WHAT IS BEING ASKED :: Your reply should contain only the line with "Some of the words" and the lines after it through the end of the data, each written out exactly.

*** TASK MATERIAL Section Begins ***

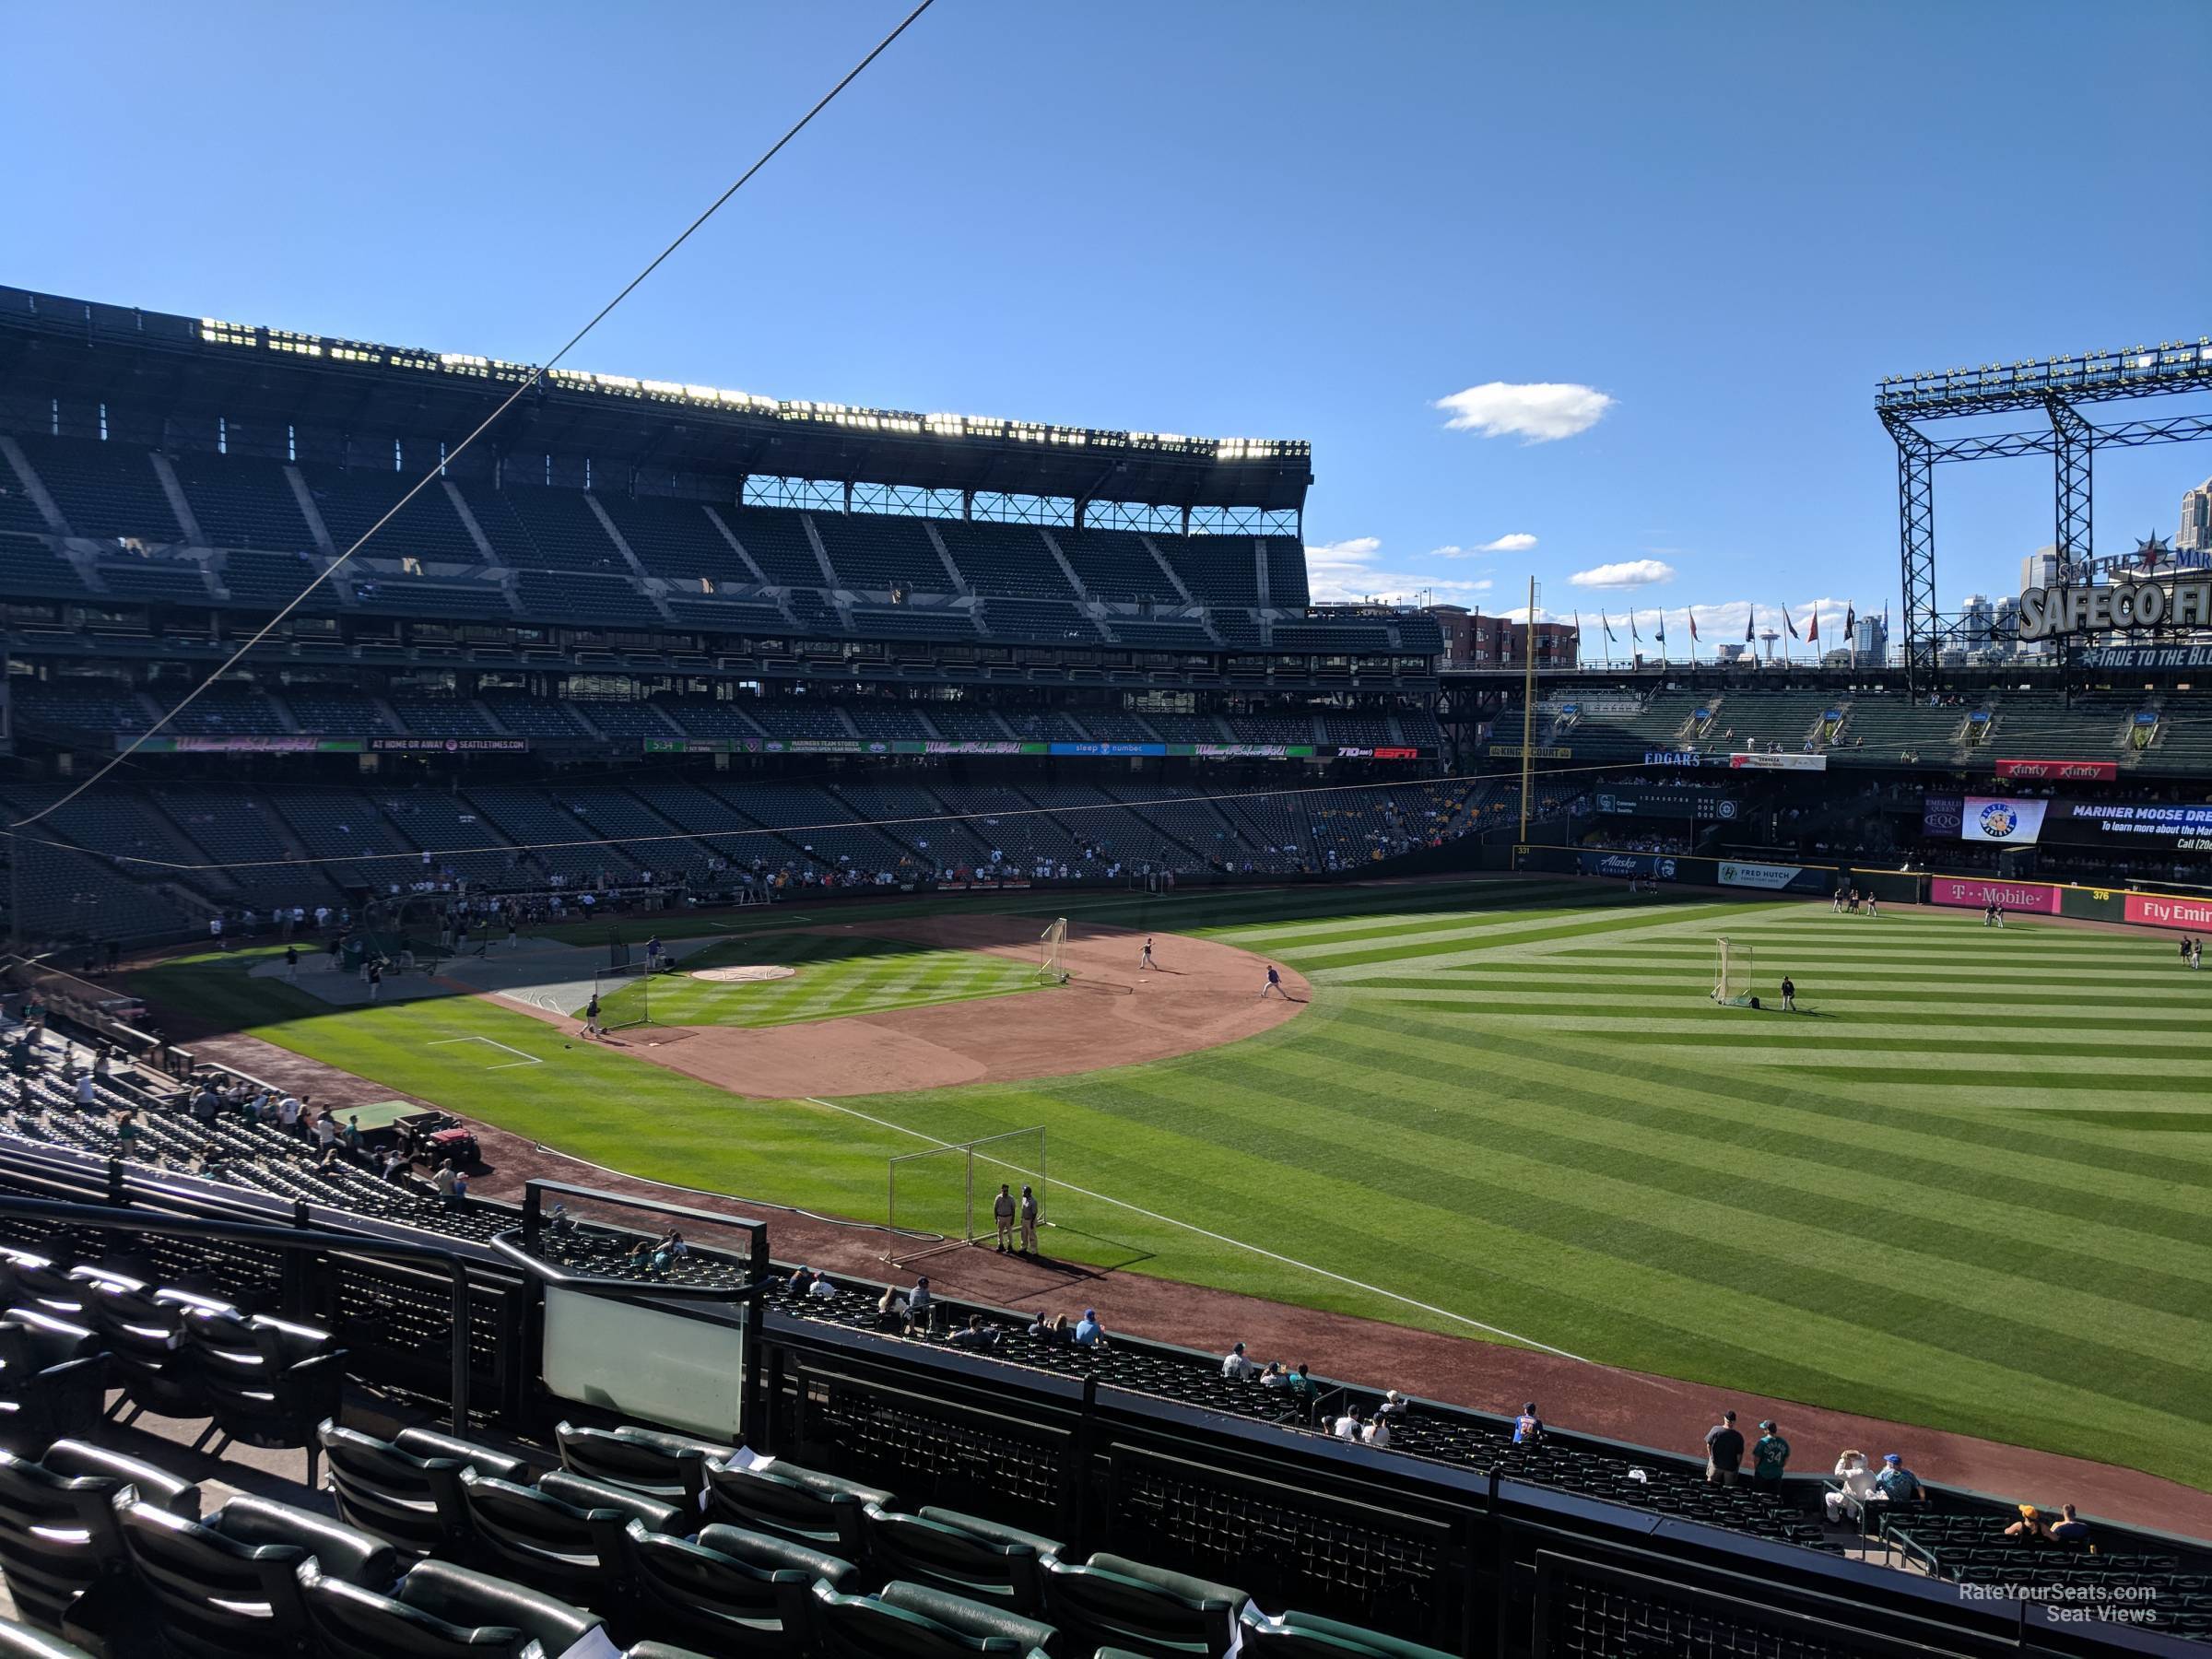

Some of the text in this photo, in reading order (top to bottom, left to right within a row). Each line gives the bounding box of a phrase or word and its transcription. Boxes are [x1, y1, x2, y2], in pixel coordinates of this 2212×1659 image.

[2058, 554, 2134, 583] SEATTLE
[2020, 582, 2212, 641] SAFECO FI
[2099, 648, 2136, 666] TRUE
[2139, 650, 2157, 665] TO
[2159, 649, 2187, 665] THE
[1374, 747, 1417, 759] ESPN
[2074, 805, 2134, 818] MARINER
[2136, 808, 2184, 821] MOOSE
[2102, 821, 2112, 830] To
[2112, 821, 2133, 831] learn
[2134, 824, 2155, 833] more
[2156, 824, 2179, 834] about
[2181, 825, 2194, 835] the
[2177, 839, 2194, 848] Call
[1601, 855, 1637, 869] Alaska
[1763, 871, 1789, 879] HUTCH
[2093, 890, 2109, 900] 376
[2144, 902, 2170, 921] Fly
[1767, 1452, 1782, 1464] 34
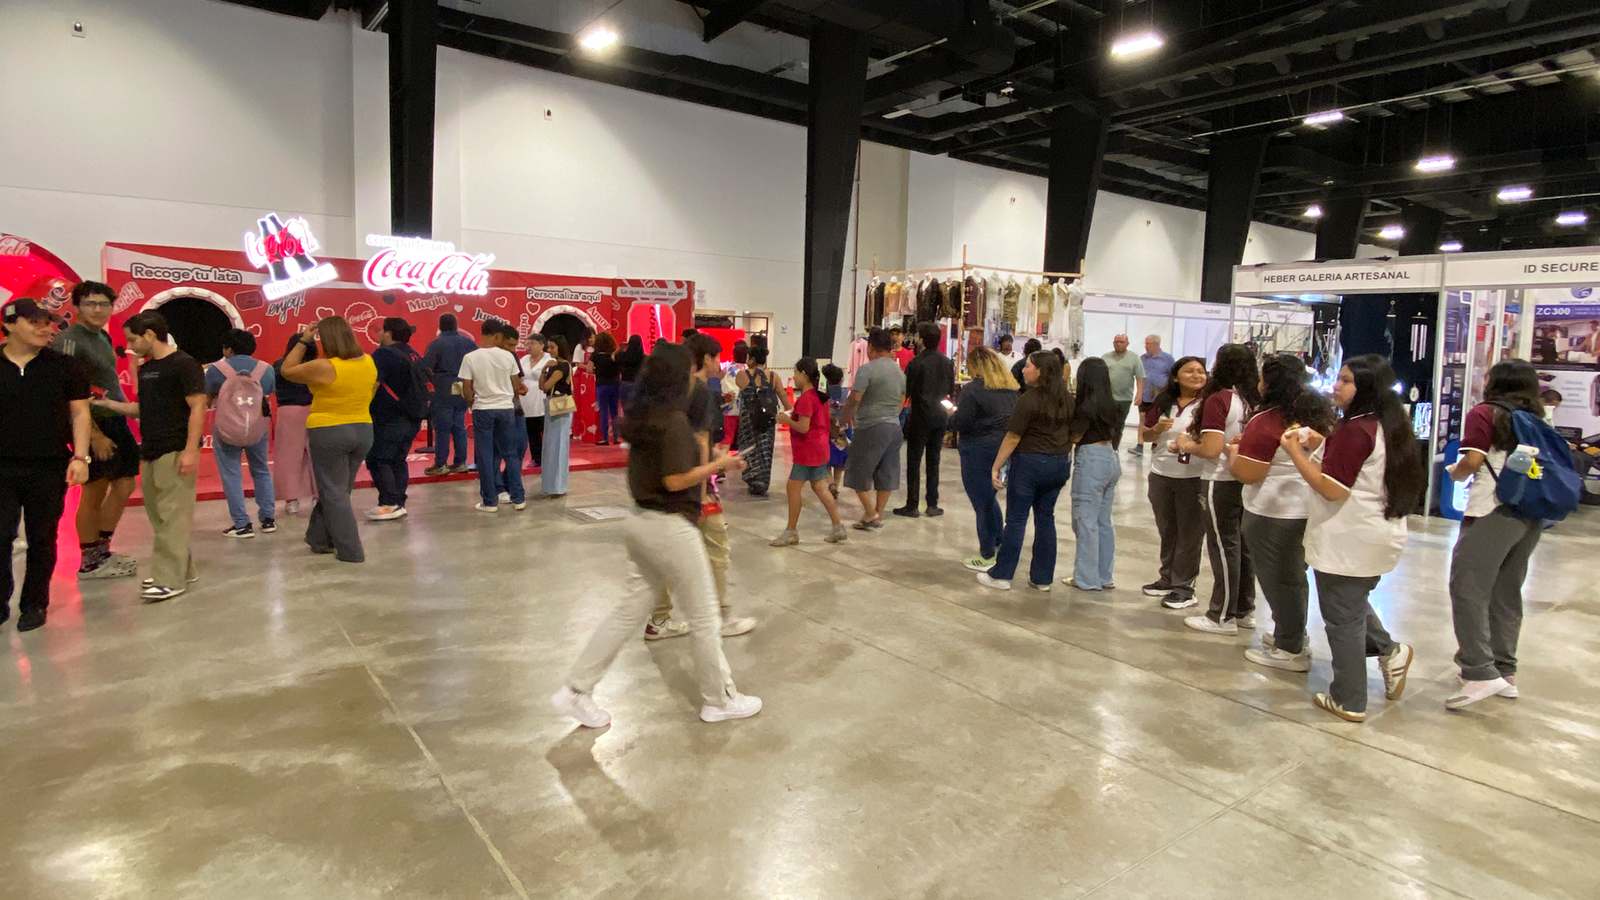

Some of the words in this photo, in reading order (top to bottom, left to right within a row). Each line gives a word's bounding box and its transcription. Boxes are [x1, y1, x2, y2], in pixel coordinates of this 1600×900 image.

[367, 235, 428, 249] comparte
[431, 241, 455, 252] una
[134, 265, 190, 282] Recoge
[195, 270, 209, 280] tu
[213, 269, 240, 282] lata
[367, 249, 487, 291] Coca-Cola
[1524, 265, 1537, 274] ID
[1541, 262, 1599, 273] SECURE
[1264, 275, 1296, 283] HEBER
[1298, 273, 1342, 282] GALERIA
[1344, 271, 1410, 281] ARTESANAL
[407, 294, 448, 312] Magia
[528, 289, 579, 300] Personaliza
[267, 290, 305, 323] enjoy!
[1536, 307, 1571, 315] ZC300
[587, 306, 611, 330] Amor

*** TASK MATERIAL Section Ends ***

YOUR RESPONSE ::
Some of the words in this photo, in reading order (top to bottom, left to right within a row). Each line gives a word's bounding box and its transcription. Boxes are [x1, y1, x2, y2], in pixel coordinates of this 1600×900 image.

[367, 235, 428, 249] comparte
[431, 241, 455, 252] una
[134, 265, 190, 282] Recoge
[195, 270, 209, 280] tu
[213, 269, 240, 282] lata
[367, 249, 487, 291] Coca-Cola
[1524, 265, 1537, 274] ID
[1541, 262, 1599, 273] SECURE
[1264, 275, 1296, 283] HEBER
[1298, 273, 1342, 282] GALERIA
[1344, 271, 1410, 281] ARTESANAL
[407, 294, 448, 312] Magia
[528, 289, 579, 300] Personaliza
[267, 290, 305, 323] enjoy!
[1536, 307, 1571, 315] ZC300
[587, 306, 611, 330] Amor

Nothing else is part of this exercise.